Mapping Mechanostable Pulling Geometries of Protein-Ligand Complexes

Abstract

Anticalin is a non-immunoglobulin protein scaffold with potential as an alternative to monoclonal antibodies for nanoparticle-based drug delivery to cells displaying cytotoxic T-lymphocyte antigen 4 (CTLA-4). In this context, one limiting factor is the resistance of the anticalin:CTLA-4 complex to mechanical forces exerted by fluid shear stress. Here, we used single-molecule AFM force spectroscopy to screen residues along the anticalin backbone and determine the optimal pulling point that achieves maximum mechanical stability of the anticalin:CTLA-4 complex. We used non-canonical amino acid incorporation by amber suppression in the anticalin combined with click chemistry to attach an Fgβ peptide at internal residues of the anticalin. We then used the Fgβ peptide as a handle to mechanically dissociate anticalin from CTLA-4 by applying tension at 8 different anchor residues, and measure the unbinding energy landscape for each pulling geometry.
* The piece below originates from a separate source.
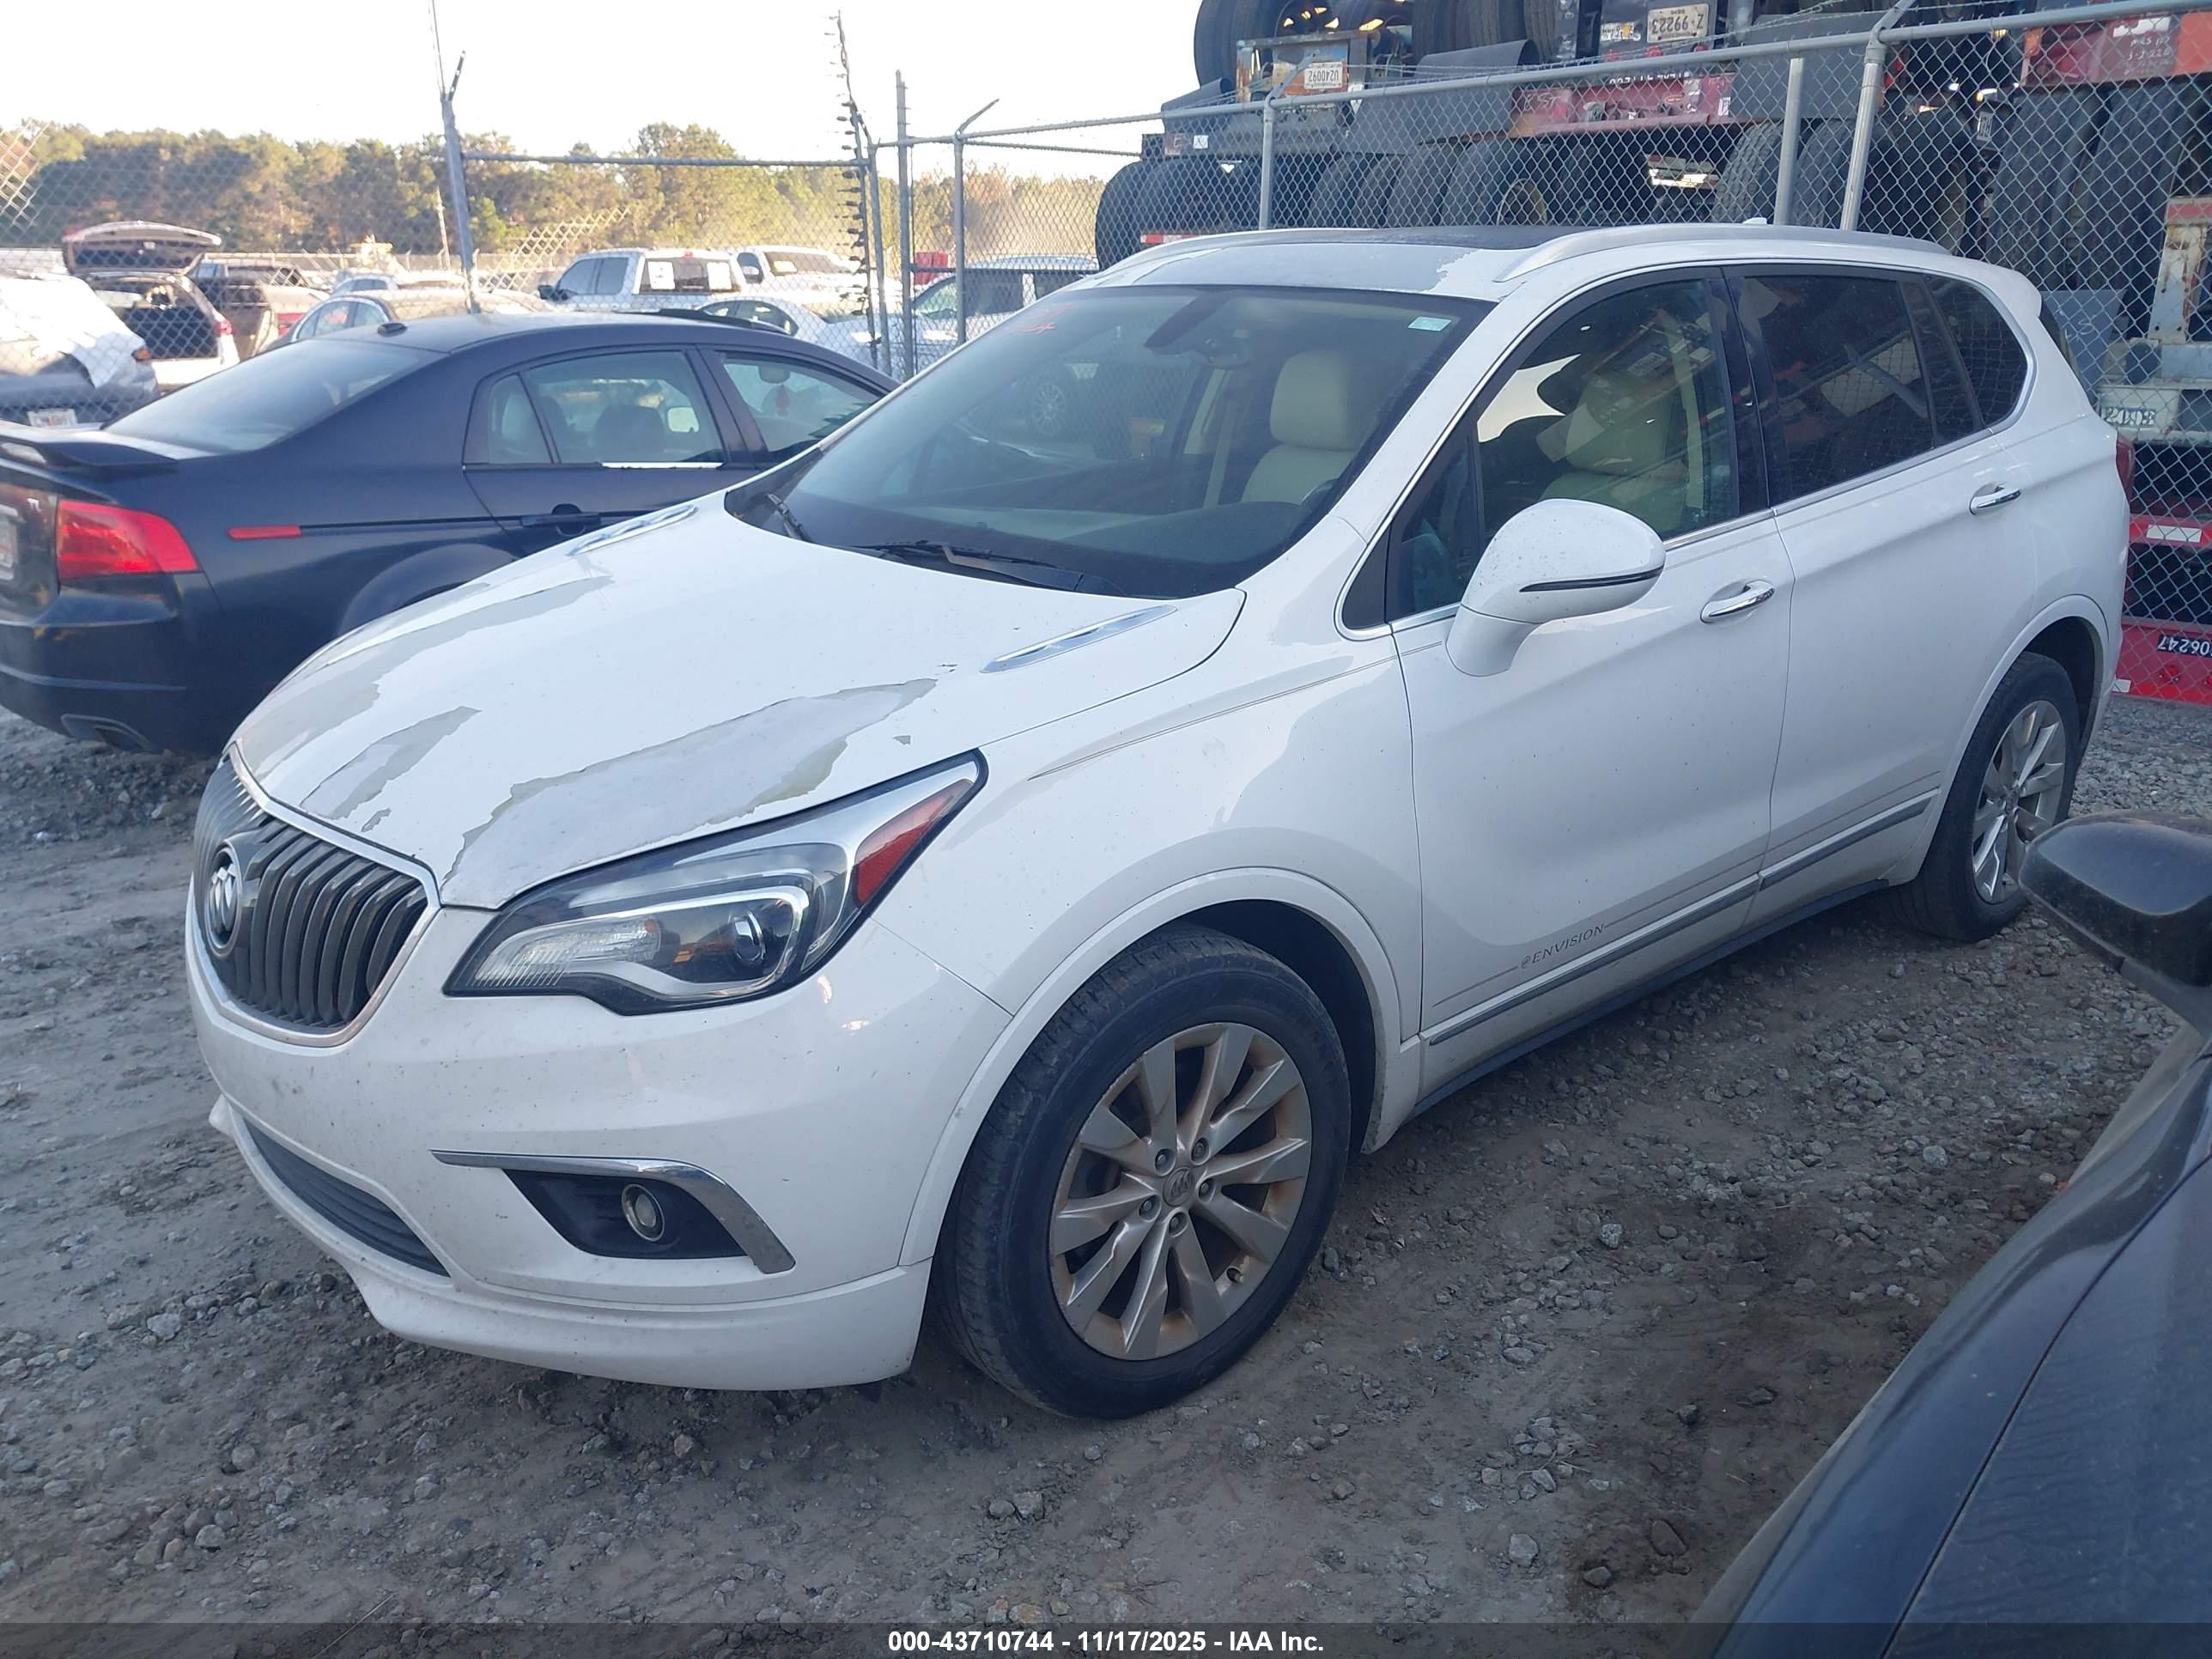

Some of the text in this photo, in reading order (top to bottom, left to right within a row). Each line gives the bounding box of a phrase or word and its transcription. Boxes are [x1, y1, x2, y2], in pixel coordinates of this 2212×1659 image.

[1308, 70, 1340, 84] U240092
[2157, 635, 2212, 657] 06247
[1531, 923, 1605, 963] ENVISION
We found that pulling from amino acid position 60 on the anticalin resulted in ∼100% higher mechanical stability of the complex as compared with either the N- or C-terminus. Molecular dynamics (MD) simulations using the coarse-grained Martini force field showed strong agreement with experiments and help explain the mechanisms underlying the geometric dependency of mechanical stability in this therapeutic molecular complex. These results demonstrate that the mechanical stability of receptor-ligand complexes can be optimized by controlling the loading geometry without making any changes to the binding interface.